- Prof. Dr. Stefaan De Henauw (Ghent University)
- Prof. Dr. Patrick Kolsteren (Ghent University)
- Prof. Dr. Narayanan Devadasan (Institute of Public Health Bangalore, India)
This thesis focuses on a poor urban neighborhood in south India. It is aimed at understanding the role of the local health system in enhancing care for the urban poor living with chronic conditions. Based on research over five years it reveals a high burden of chronic conditions in the neighborhood where the majority rely on private health facilities for care. Poverty hinders people from accessing health care and those who do, get further impoverished.
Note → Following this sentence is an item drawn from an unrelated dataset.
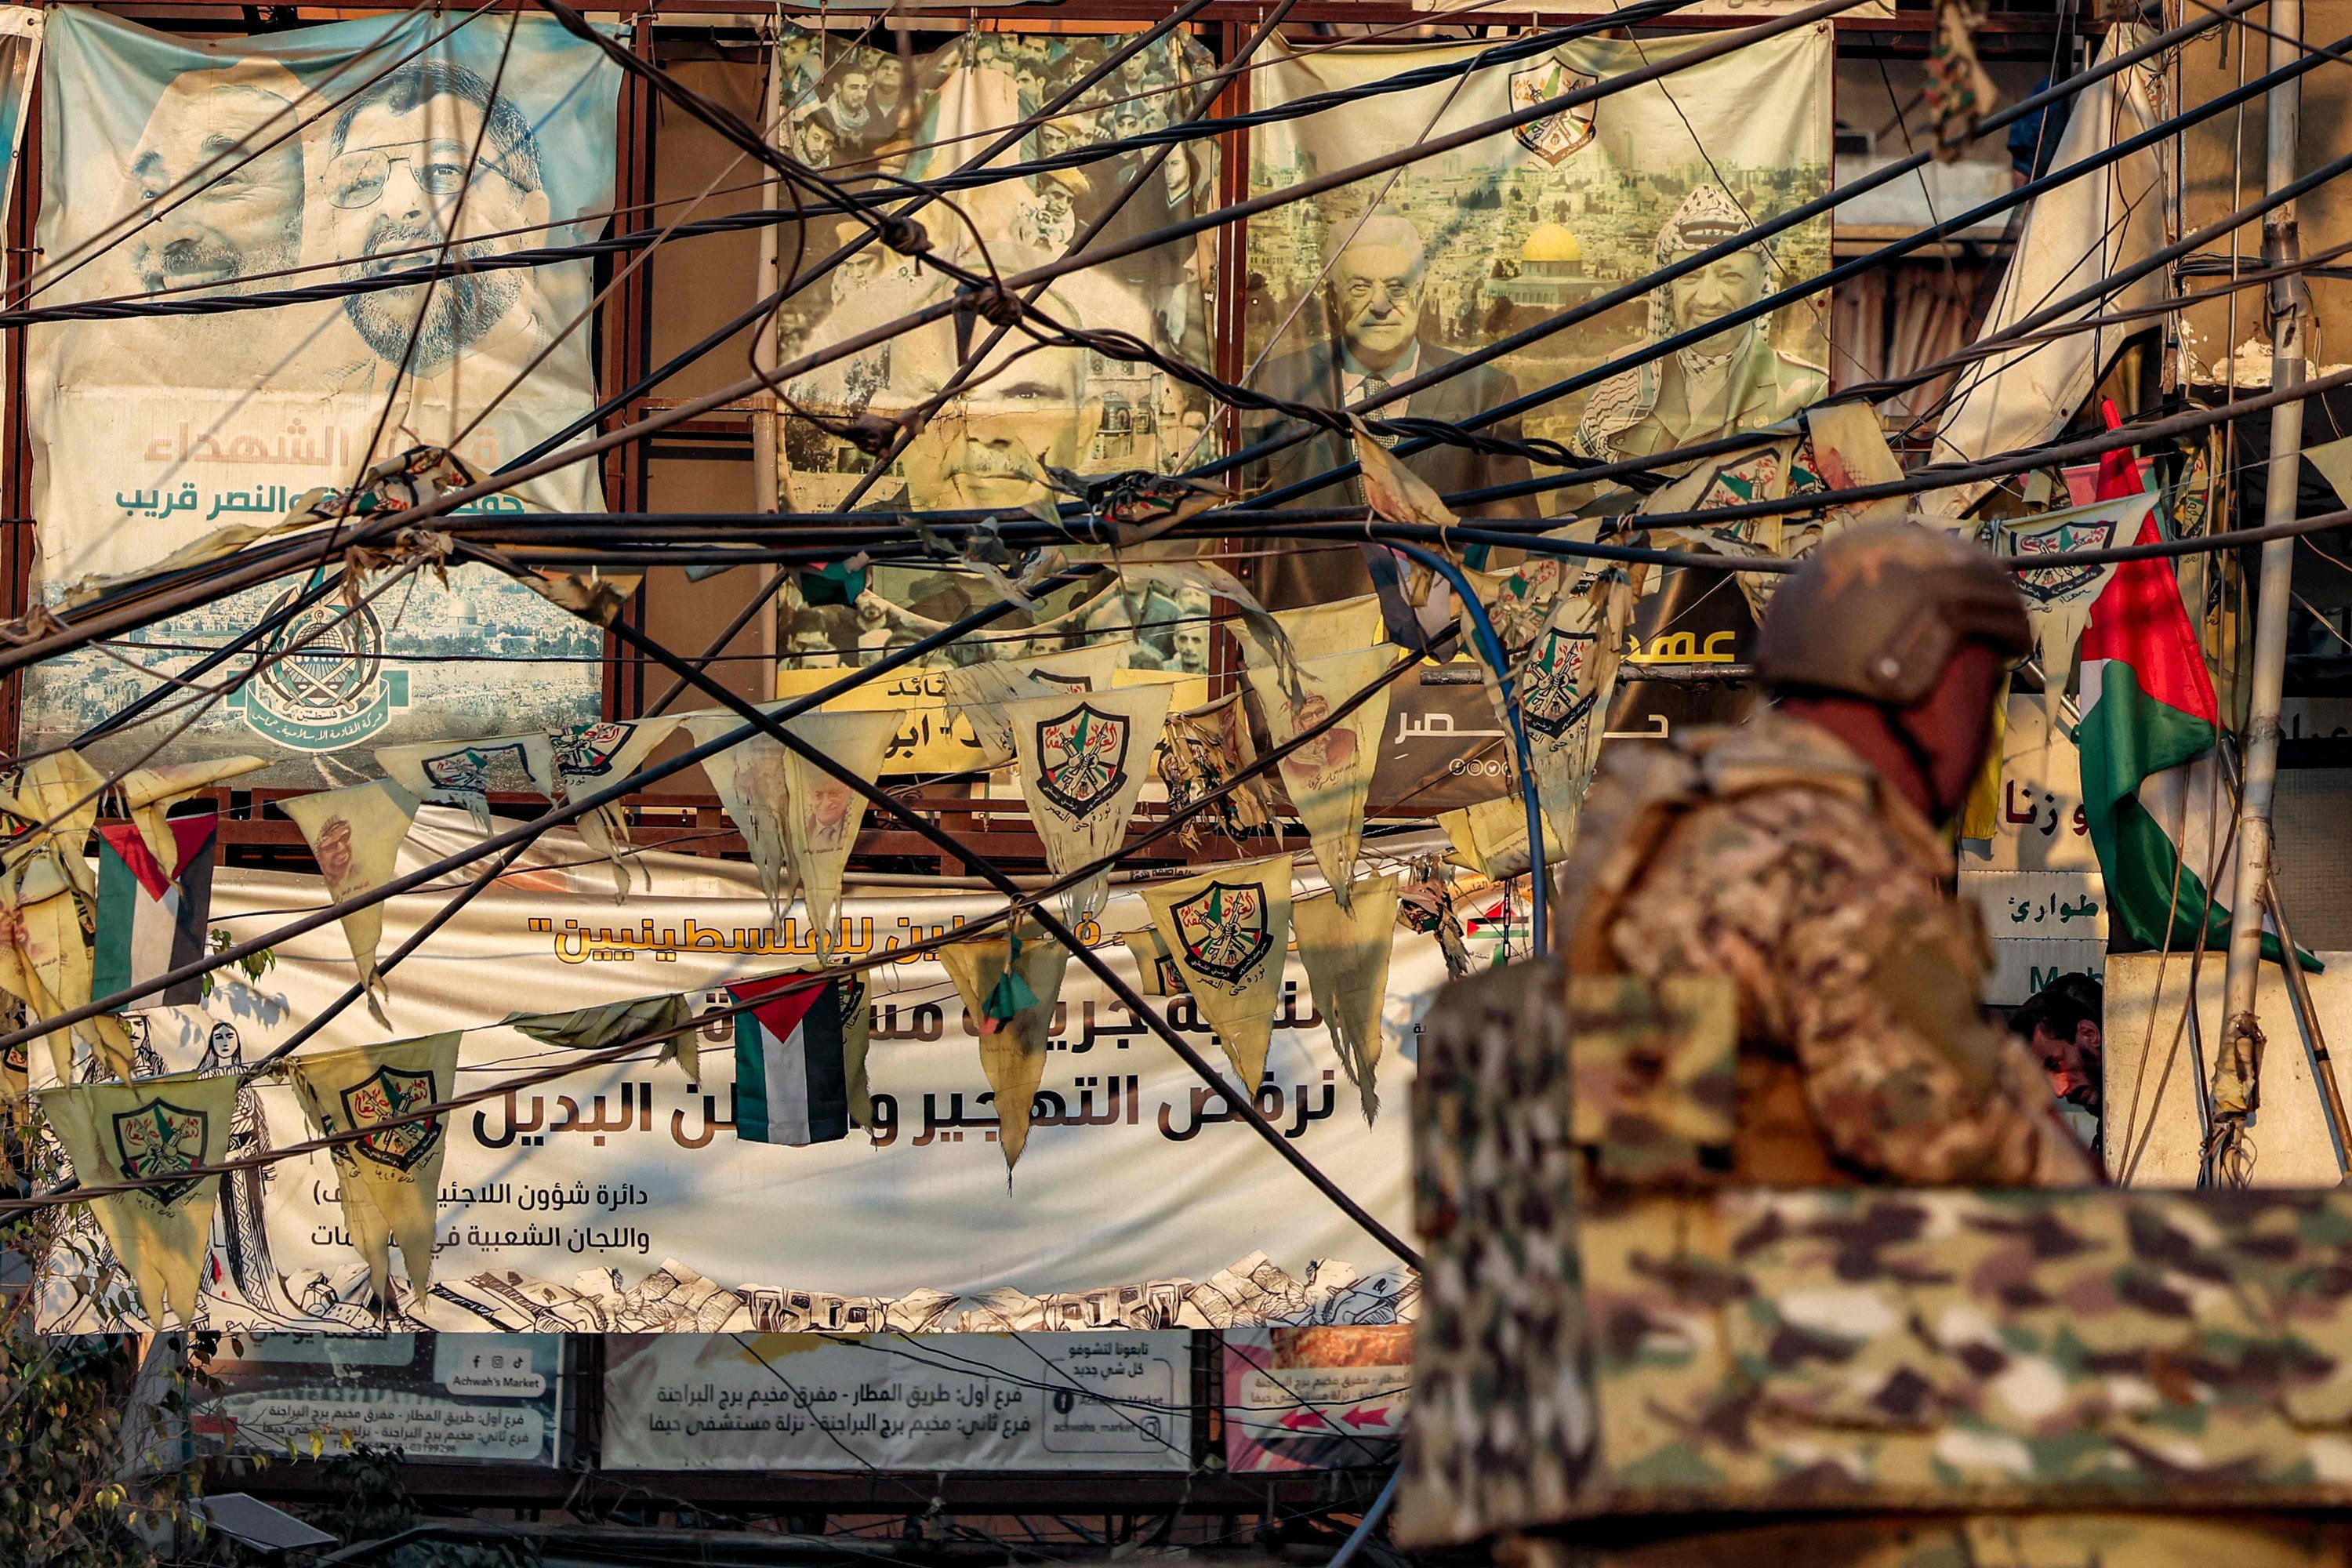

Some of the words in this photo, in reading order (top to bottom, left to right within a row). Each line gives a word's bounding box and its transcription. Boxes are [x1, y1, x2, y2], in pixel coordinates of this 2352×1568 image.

Socially defined roles and positions particularly limit women and elderly in managing care. Fragmented services imply residents having to visit more than one facility for a single episode of care. The limited use of medical records and the lack of a referral system hinder continuity of care. Poor regulation of the heterogeneous private sector, lack of platforms for patient engagement and widespread bribery mark inadequate governance of the mixed health system. While there is inadequate care provision in the government sector, the private sector with many of its care providers lacking adequate training strives to maximize profits where the care for poor is at best seen as charity. Health service experiments to improve diabetes care delivery reveal the complex nature of the local health system wherein implementing interventions is not easy and requires careful consideration of local dynamics and opportunities.